When Charles Barkley, the legendary NBA player and current basketball commentator, played for the Phoenix Suns, he started a decades-long feud with Rocky. In 1993, the forward punched the mascot square in the face.

“I didn’t know at first if he was playing or not, because he really punched me hard. Bloodied my lip, loosened my tooth. Bloody nose. When I found out he was playing, that’s when I turned it up,” says Kenn. Another time, Barkley punched Rocky as he was walking on stilts, causing him to fall.

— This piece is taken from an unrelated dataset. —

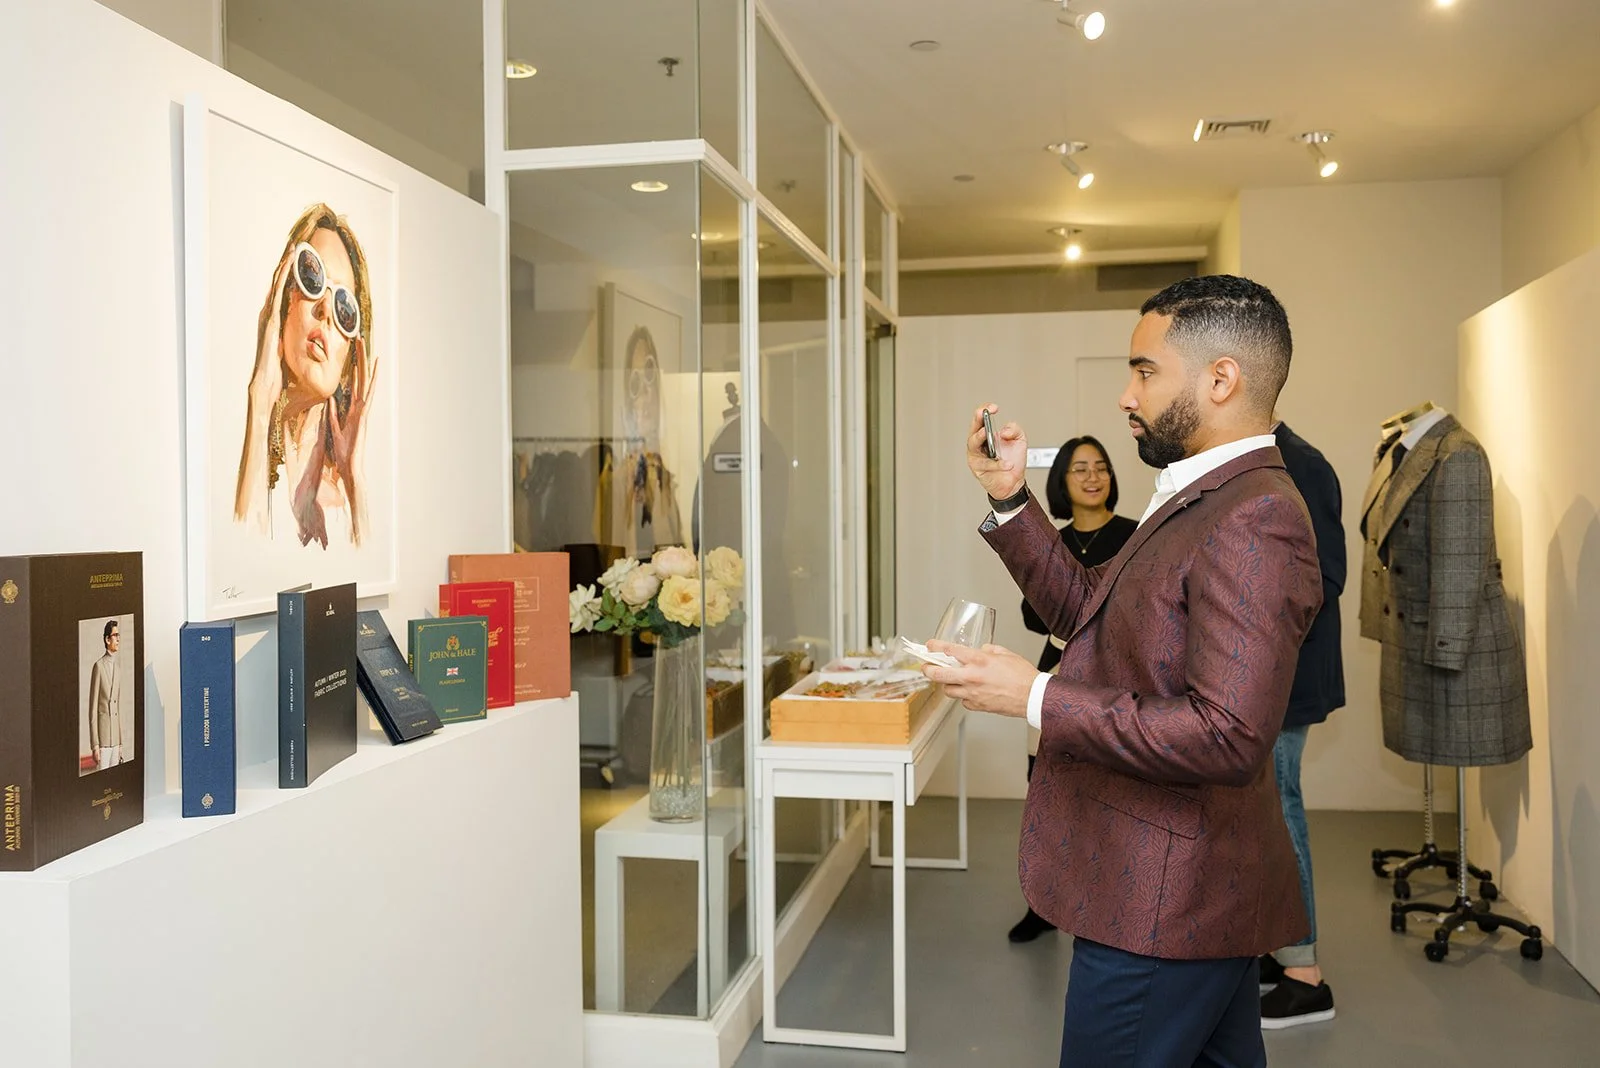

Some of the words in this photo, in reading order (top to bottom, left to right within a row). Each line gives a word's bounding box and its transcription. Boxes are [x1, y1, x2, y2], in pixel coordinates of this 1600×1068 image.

In 1994, Rocky used a baby bottle to mock Dennis Rodman — then a fearsome rebounder for the San Antonio Spurs — as a crybaby. Rodman took the bottle from Rocky and pretended to suck on it, earning laughs and applause from the audience.

"He’s got a snarkiness to him, which is just fantastic," says Darren McKee, a longtime Denver sports talk-radio personality who works for Altitude Sports Radio. "Rocky is one of the few mascots you’d like to go have a beer with after the game. He’s that kind of mascot."

Andrews, who's now the CEO of the National Western Stock Show, recounts a time when Disney on Ice was performing at the arena. The ice-show staff wanted to do a promo featuring Rocky and a stuffed Mickey Mouse; the plan called for Rocky to walk onto center court and wait for an announcer to read an advertisement.

Instead, Kenn sat the stuffed Mickey Mouse at center court, ran back to the baseline, and settled down into a three-point stance like he was about to rush a quarterback. He then sprinted, dove and tackled Mickey Mouse, which exploded “into a thousand pieces,” Andrews recalls. “The Disney people in the crowd are furious. The crowd just went nuts. They thought it was one of the funniest things that they had ever seen.”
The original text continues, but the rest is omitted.